Lastly, we note, our results corroborate with and pertain to several lines of available literature evidence: i.) apparently pathogenic, non-amyloidic, non-fibrillar, non-congophilic Aß plaques were detected in C. elegans (Link et al. 2003), Drosophila (Crowther et al. 2005) AD models, and were described in certain cases of AD (Kumar-Singh et al. 2000) linked to APP variant (T714I). ii.) Singhrao et al. (1998) established that in AD immuno-histochemistry with anti-HTT antibody localized only with the intracellular structures but not with the mature amyloid. iii.) heritable polyQ disorders other than Huntington’s chorea were proposed as contributing factor in AD (Reid et al. 2004) and TDP-43 dependent ALS (Elden et al. 2010).
Acknowledgments
We are grateful to Mihail Sarov and Anthony Hyman for hosting us at MPI-CBG. We are grateful to William E. Klunk (University of Pittsburgh Department of Psychiatry – UPMC) for providing us with X-34 stain. We are grateful to Richard Morimoto (Northwestern University) and members of the Morimoto laboratory (Susan Fox and Renee Brielmann) for providing the polyQ-YFP strains and constructs. We are grateful to Paul Francis (Institute of Psychiatry, Psychology & Neuroscience, King’s College London) and Kurt Jellinger (Institute of Clinical Neurobiology, Vienna) for insightful discussions concerning the combined proteinopathies. We are grateful to Andrew Fire (Stanford) for discussions concerning RNA interference. We acknowledge Jan Peychl (MPI-CBG Light Microscopy Facility) for expertise in confocal microscopy. We note, some strains were provided by the CGC, which is funded by NIH Office of Research Infrastructure Programs (P40 OD010440), and the RNAi strains and constructs were provided by Silencing Genomes resource at the Cold Spring Harbor Laboratory.
Footnotes
Abbreviations: HD – Huntington disease; AD – Alzheimer disease; HTT – huntingtin; APP - amyloid precursor protein; Aß42 – ß-amyloid peptide; ER - endoplasmic reticulum; HSP – heat shock protein; YFP - yellow fluorescent protein; co-IP – co-immunoprecipitation; RNAi – RNA interference; polyQ - polyglutamine
↵1).

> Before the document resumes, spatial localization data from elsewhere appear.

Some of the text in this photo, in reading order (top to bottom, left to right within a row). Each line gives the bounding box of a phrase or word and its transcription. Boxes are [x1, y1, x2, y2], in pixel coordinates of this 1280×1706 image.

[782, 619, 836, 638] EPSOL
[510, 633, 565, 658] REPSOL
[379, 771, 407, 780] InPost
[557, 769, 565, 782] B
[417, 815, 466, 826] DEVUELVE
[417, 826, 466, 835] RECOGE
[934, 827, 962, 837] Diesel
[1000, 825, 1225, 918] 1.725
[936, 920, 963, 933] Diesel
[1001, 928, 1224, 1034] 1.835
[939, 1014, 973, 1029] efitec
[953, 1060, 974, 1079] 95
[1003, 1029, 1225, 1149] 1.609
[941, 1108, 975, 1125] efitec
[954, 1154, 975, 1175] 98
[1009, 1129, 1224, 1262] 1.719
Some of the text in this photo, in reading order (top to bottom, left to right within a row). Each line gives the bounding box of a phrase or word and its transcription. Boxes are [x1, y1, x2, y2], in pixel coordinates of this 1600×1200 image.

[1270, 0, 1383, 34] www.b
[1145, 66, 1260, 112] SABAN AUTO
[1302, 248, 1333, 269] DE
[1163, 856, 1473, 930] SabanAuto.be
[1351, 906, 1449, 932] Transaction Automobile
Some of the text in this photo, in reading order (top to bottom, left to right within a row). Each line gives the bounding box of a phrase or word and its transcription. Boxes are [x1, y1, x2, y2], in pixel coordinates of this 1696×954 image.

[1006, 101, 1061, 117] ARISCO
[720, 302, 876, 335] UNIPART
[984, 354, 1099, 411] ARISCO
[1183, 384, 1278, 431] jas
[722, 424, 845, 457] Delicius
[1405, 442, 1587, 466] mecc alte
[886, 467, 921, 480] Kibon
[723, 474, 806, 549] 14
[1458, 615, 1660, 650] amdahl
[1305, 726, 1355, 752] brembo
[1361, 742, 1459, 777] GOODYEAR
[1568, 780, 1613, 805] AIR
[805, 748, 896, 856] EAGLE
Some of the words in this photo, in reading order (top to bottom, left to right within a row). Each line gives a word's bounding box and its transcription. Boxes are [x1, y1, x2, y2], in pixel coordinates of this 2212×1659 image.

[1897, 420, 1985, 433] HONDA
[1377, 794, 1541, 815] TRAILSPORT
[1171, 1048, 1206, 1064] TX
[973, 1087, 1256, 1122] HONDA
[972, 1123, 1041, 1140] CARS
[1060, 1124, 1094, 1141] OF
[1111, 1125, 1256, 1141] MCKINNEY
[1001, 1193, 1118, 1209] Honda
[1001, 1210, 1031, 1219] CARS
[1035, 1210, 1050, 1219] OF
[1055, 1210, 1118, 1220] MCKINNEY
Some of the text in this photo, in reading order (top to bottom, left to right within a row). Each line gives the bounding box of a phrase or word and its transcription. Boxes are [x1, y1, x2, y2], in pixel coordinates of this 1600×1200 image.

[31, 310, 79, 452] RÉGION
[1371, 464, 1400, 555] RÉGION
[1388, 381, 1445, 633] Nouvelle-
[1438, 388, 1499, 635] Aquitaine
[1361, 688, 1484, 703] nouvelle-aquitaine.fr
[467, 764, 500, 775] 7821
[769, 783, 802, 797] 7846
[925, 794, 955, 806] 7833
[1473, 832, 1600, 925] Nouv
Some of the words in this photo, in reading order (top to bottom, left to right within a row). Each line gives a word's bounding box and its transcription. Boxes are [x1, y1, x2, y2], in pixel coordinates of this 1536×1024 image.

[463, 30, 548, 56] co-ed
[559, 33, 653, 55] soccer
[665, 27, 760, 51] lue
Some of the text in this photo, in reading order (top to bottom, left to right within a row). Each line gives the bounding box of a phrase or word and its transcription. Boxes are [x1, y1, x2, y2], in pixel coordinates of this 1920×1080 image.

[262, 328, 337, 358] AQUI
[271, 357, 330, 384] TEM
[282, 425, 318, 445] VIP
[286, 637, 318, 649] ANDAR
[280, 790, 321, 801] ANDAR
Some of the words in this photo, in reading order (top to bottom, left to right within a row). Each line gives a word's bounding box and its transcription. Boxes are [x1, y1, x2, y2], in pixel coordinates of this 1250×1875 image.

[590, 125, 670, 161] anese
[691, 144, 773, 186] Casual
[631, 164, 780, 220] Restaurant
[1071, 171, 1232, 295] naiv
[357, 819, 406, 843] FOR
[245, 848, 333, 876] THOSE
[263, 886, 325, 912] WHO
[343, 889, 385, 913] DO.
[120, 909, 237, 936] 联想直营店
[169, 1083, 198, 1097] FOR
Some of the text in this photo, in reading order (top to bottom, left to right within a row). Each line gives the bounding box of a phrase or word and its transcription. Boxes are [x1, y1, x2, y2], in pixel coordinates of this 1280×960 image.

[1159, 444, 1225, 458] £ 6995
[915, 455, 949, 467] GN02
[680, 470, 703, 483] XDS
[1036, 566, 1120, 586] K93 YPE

While we can not exclude that the variability in the strength of RNAi could be affected by procedural differences (affecting the rate of cellular synthesis of siRNA, factors affecting the dsRNA uptake or stability, levels of T7 polymerase induction etc), we note the particular dsRNA encoding plasmids used were designed differently. The original report (Fonte et al. 2002) utilized constructed plasmids entailing the entire gene coding segment of hsp-1 including introns. Instead the later efforts relied on the construct distributed with commonly available RNAi feeding library (Kamath et al. 2003) incorporating considerably smaller fragment of hsp-1 gene.